But this minister, instead of adding to our strength, by restoring to its full vigour the civil branch of our constitution, was then treacherously adding to its decay, by elevating the principal borough holders to the peerage, and thus rendering the House of Commons more and more dependent upon the House of Lords, more and more a shadow and mockery of popular representation; and instead of augmenting our military energies, by fully restoring the military branch of the constitution, he left that as he found it, treacherously sacrificed to court policy; since which, as the urgent demands of war caine upon him, he substituted for a revival in this respect of the constitution, his tricking dishonourable plans, which gave such just offence to our commanders of militia; as well as his other unconstitutional novelty, for converting all the parish officers in the kingdom into serjeants and crimps for raising a mercenary army; a project which has deservedly been the object of satire and ridicule.

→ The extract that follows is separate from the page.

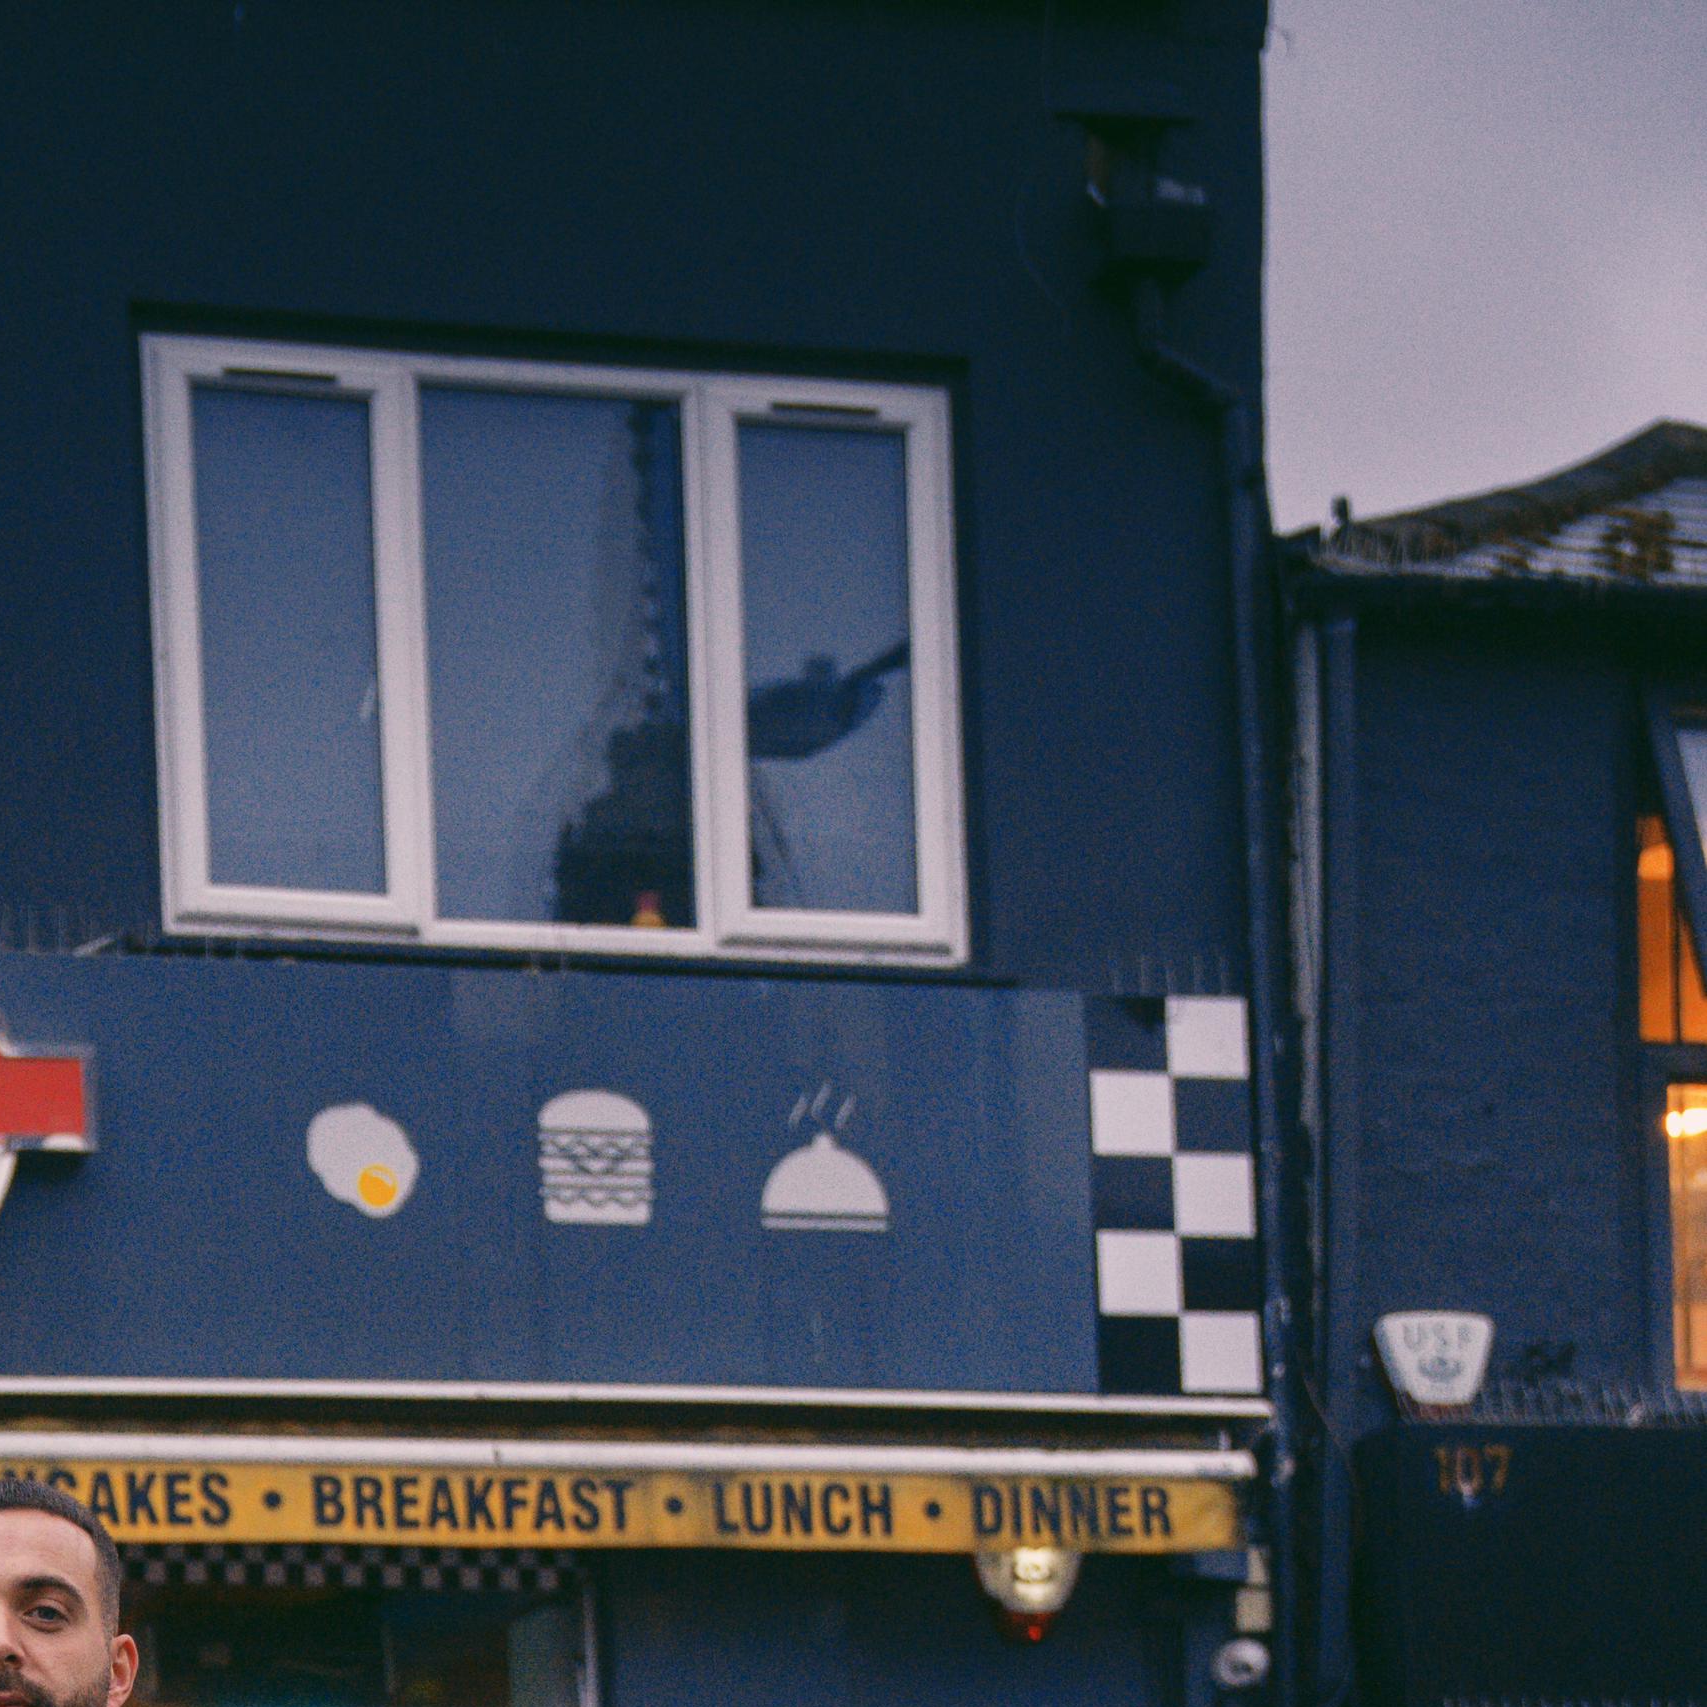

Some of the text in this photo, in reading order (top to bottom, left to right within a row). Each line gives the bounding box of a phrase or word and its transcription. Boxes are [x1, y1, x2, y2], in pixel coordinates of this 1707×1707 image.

But notwithstanding the treachery of the minister in going to war, without at the same time restoring the constitutional energies of our government, civil and military, yet, compared with all the nations under the old governments of Europe, England had at that period in her bosom so much of the spirit of liberty, as in comparison with them, gave her a far more energetic character; and her commerce gave her a navy and wealth; so that she was still too great and too formidable to be driven into a war against her will. What but a very short time antecedent to the war was her power compared with that of France, we have already seen, by the fearful, anxious, secret embassy from the French to the English court; and what the minister thought of the power of France, at the time he joined the confederacy,we may understand from the threats and the boasts of which he was then so lavish; as well as

from the schemes of dismemberment and partition, and even of subversion and political annihilation, then so much talked of; from whence, and from all the circumstances of the case, including the frauds complained of by Lord Stanhope, and the whole of the supercilious and insolent treatment of the ambassador Chauvelin, the pretence that England, comparatively great and powerful as she was, could not avoid the war without dishonour, must be rejected with indignation, as the most daring falsehood ever attempted to be imimposed upon mankind.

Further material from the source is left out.